President Adama Barrow said it was difficult in his first year in office to make an economic u-turn to uplift The Gambia from the near-state of insolvency that Jammeh left the country in.

He credited himself for making some progress: Foreign exchange reserves have increased more than five-fold, tourism took a hike, fiscal discipline reinstated, domestic borrowing curtailed and investor confidence is at an all-time high in decades.

“It was a very difficult year, but we have made progress. The first target we had when we came to power was to stabilize the economy and boost the reserves,” said Mr. Barrow. “We had found less than one-month import cover, and now we have over four months [worth of] import cover.”

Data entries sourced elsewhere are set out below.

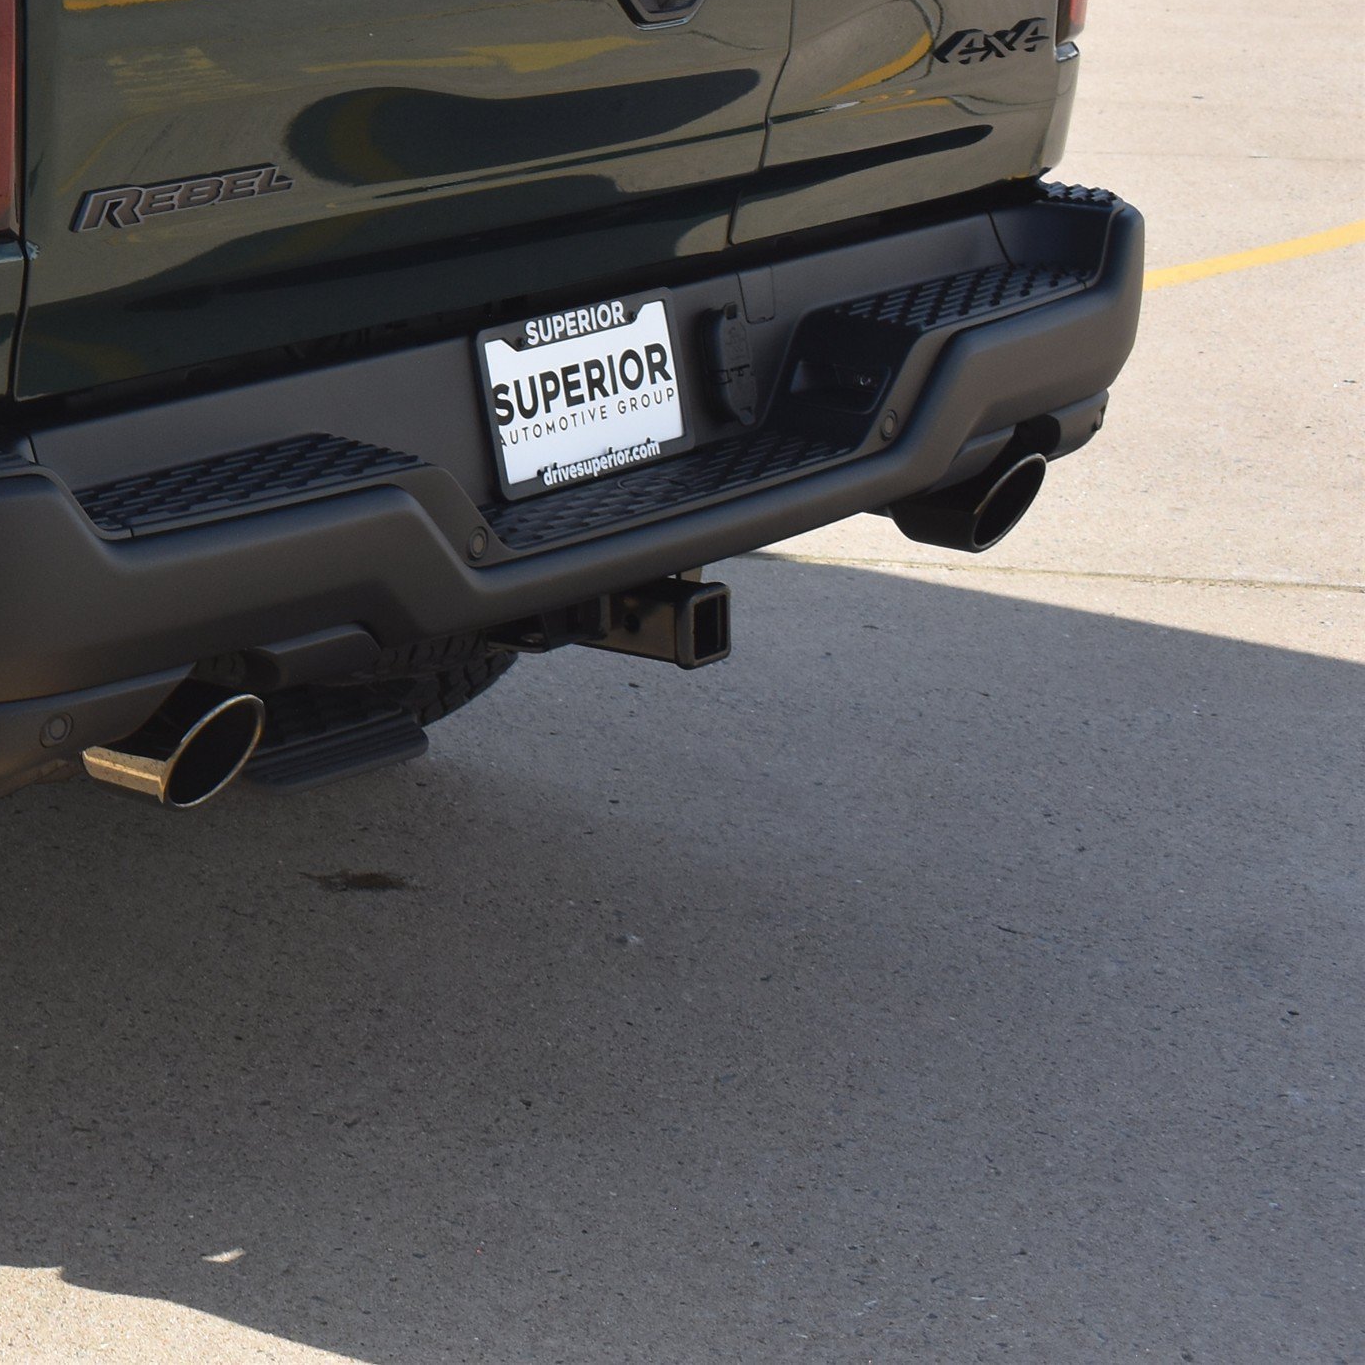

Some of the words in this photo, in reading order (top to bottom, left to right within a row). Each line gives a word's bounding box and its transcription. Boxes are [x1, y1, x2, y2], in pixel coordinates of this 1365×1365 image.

[69, 162, 296, 233] REBEL
[525, 300, 626, 346] SUPERIOR
[492, 342, 673, 427] SUPERIOR
[618, 387, 675, 415] GROUP
[542, 439, 661, 486] drivesuperior.com

IMF has praised Barrow’s government for stabilizing the economy but unemployment and the prices of goods and services remain high. The steady decline in Gambian migrating perilously Europe took a nosedive in the first year of Barrow’s rule but experts are afraid this may be reversed again.

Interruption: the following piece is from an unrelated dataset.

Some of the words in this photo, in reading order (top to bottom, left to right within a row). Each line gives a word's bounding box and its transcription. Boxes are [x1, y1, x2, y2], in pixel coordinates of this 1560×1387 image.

Gambia’s economy is projected to grow at least three percent, greater than the 2.8 percent estimated for the West African sub-region. The country’s Finance Minister has been on a campaign to have its unserviceable international debt restructured.

“Our progress has been praised in the area of the economy. Traffic at the Gambia Ports Authority has increased significantly, meaning people and goods are coming into the Gambia. The government’s revenue has increased,” said President Barrow.

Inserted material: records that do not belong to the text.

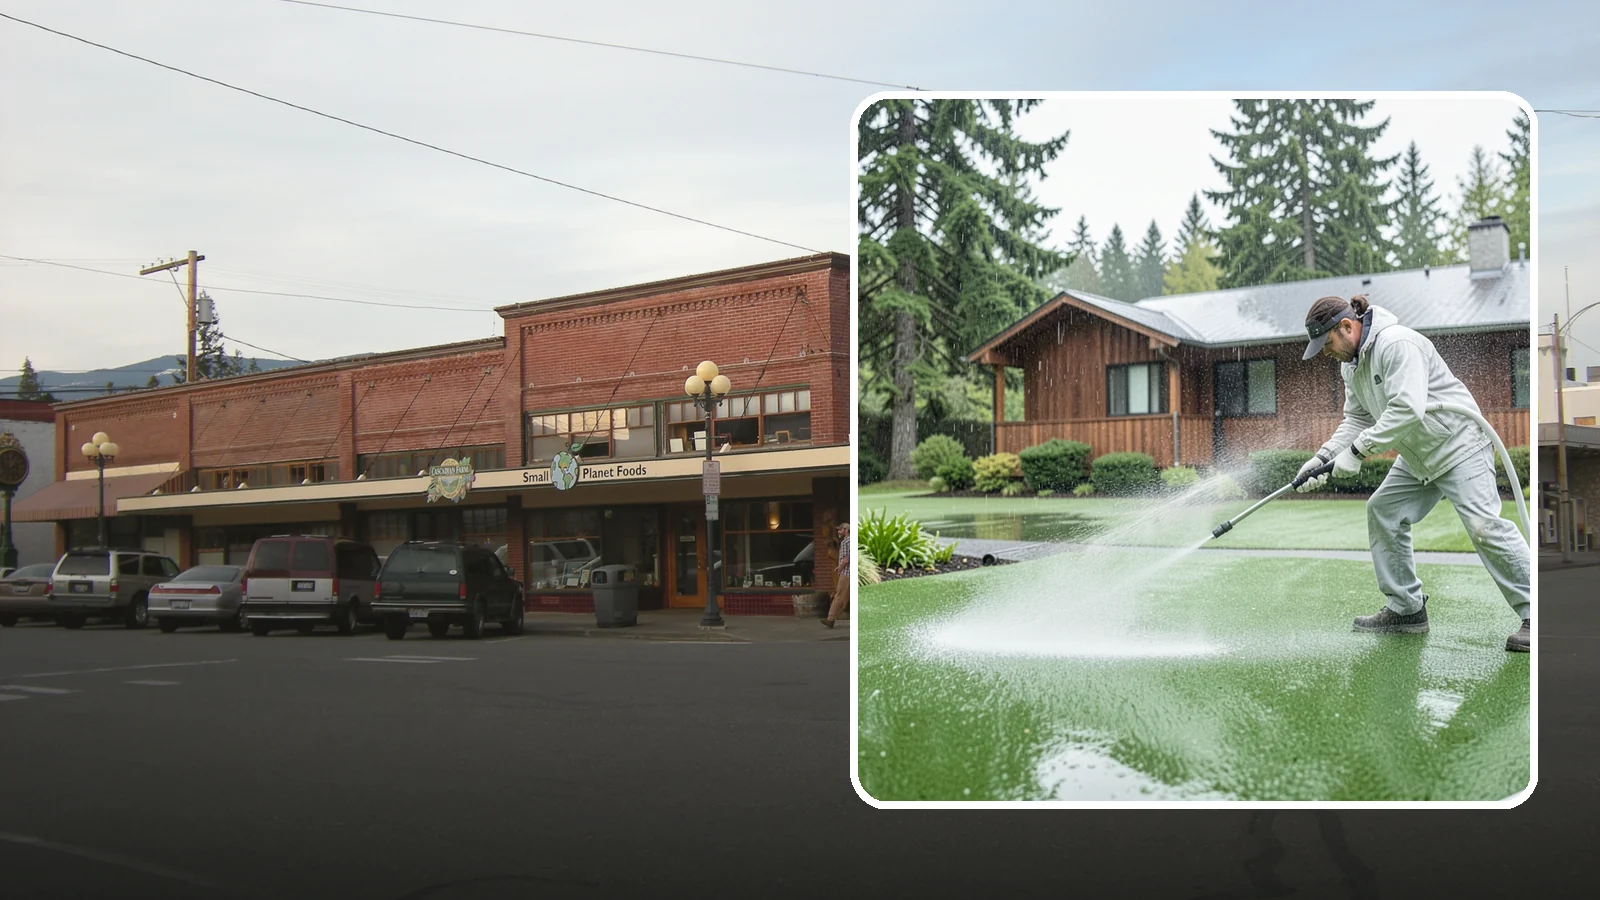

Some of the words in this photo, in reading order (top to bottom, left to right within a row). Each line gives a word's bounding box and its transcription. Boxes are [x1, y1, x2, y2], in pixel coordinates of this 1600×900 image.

[523, 471, 549, 482] Small
[583, 467, 614, 479] Planet
[617, 464, 647, 477] Foods
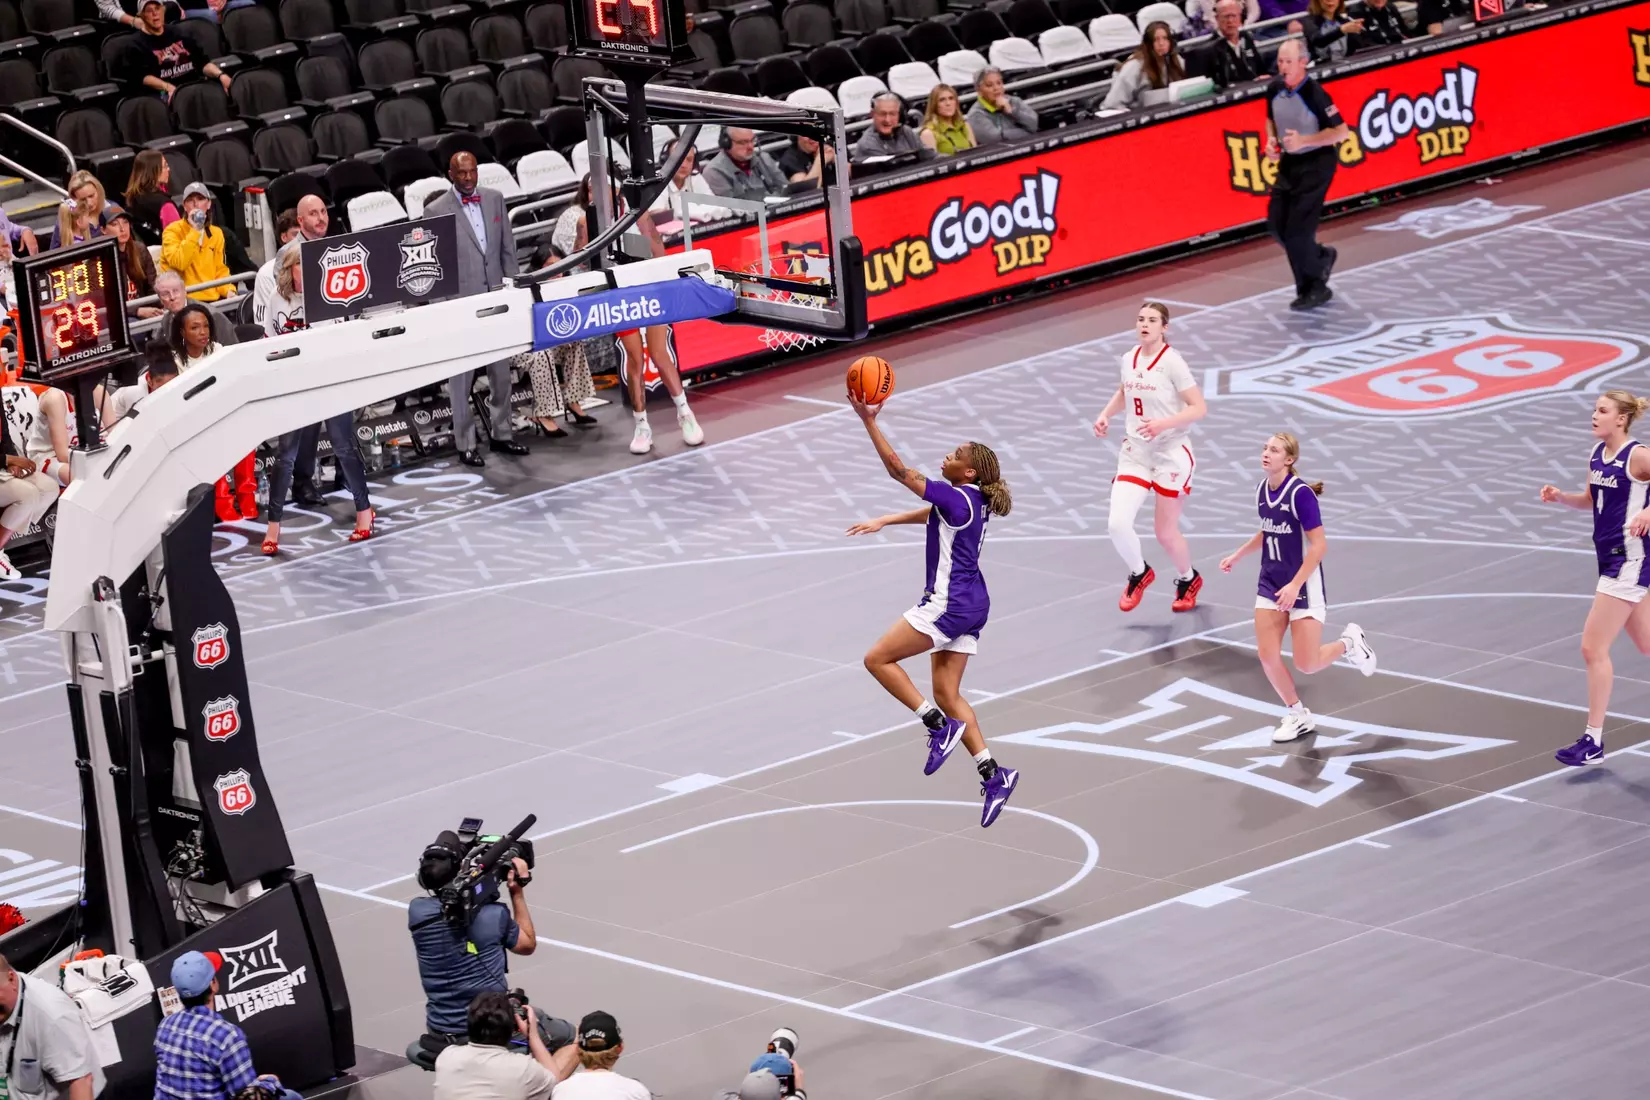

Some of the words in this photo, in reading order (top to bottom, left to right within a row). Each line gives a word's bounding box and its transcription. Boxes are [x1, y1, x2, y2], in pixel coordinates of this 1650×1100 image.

[600, 41, 649, 53] DAKTRONICS
[1359, 66, 1478, 150] Good!
[1416, 125, 1471, 163] DIP
[931, 173, 1059, 260] Good!
[327, 251, 362, 267] PHILLIPS
[401, 240, 436, 268] XII
[993, 234, 1051, 273] DIP
[52, 261, 104, 301] 3:01
[330, 268, 360, 294] 66
[400, 266, 439, 279] BASKETBALL
[400, 271, 440, 284] TOURNAMENT
[584, 295, 661, 329] Allstate
[53, 301, 99, 349] 29
[52, 343, 114, 367] DAKTRONICS
[1253, 326, 1477, 387] PHILLIPS
[1367, 343, 1564, 402] 66
[1133, 397, 1143, 416] 8
[374, 421, 408, 437] Allstate
[1266, 536, 1281, 561] 11
[197, 628, 222, 642] PHILLIPS
[199, 640, 221, 661] 66
[208, 701, 233, 715] PHILLIPS
[211, 714, 233, 734] 66
[219, 774, 245, 789] PHILLIPS
[225, 787, 248, 808] 66
[158, 807, 200, 822] DAKTRONICS
[218, 929, 289, 991] XII
[215, 995, 227, 1012] A
[226, 965, 307, 1007] DIFFERENT
[235, 988, 296, 1023] LEAGUE

“The tourism sector has done very well this year. We used to have between 100,000 to 150,000 tourists in the country. This year, we are expecting over 200,000 tourists. And from here, we are [shifting] to an all-year-round tourism season instead of six months.”

The Gambia under its former leader, Yahya Jammeh was economically and diplomatically isolated. But Mr. Barrow says the nation with a population of fewer than two million people is open for business.

His administration has reduced the corporate tax to 30 percent, lower than most countries in Africa to attract investors. They are on the verge of passing a new policy that requires foreign businesses to have Gambian partners.

The average Gambian earns just under D1,500 a month [US$33 dollars] and a bag of the country’s staple food, rice cost more than two-thirds of this. It leaves many households unable to meet the other basic needs and high indebted.

As Barrow struggles with the tally the cost of living with some of his progress, experts say it takes time to turn the economic ship around and that they [the government] need to tell the people what they are doing and be more transparent, a step towards eradicating corruption and poverty.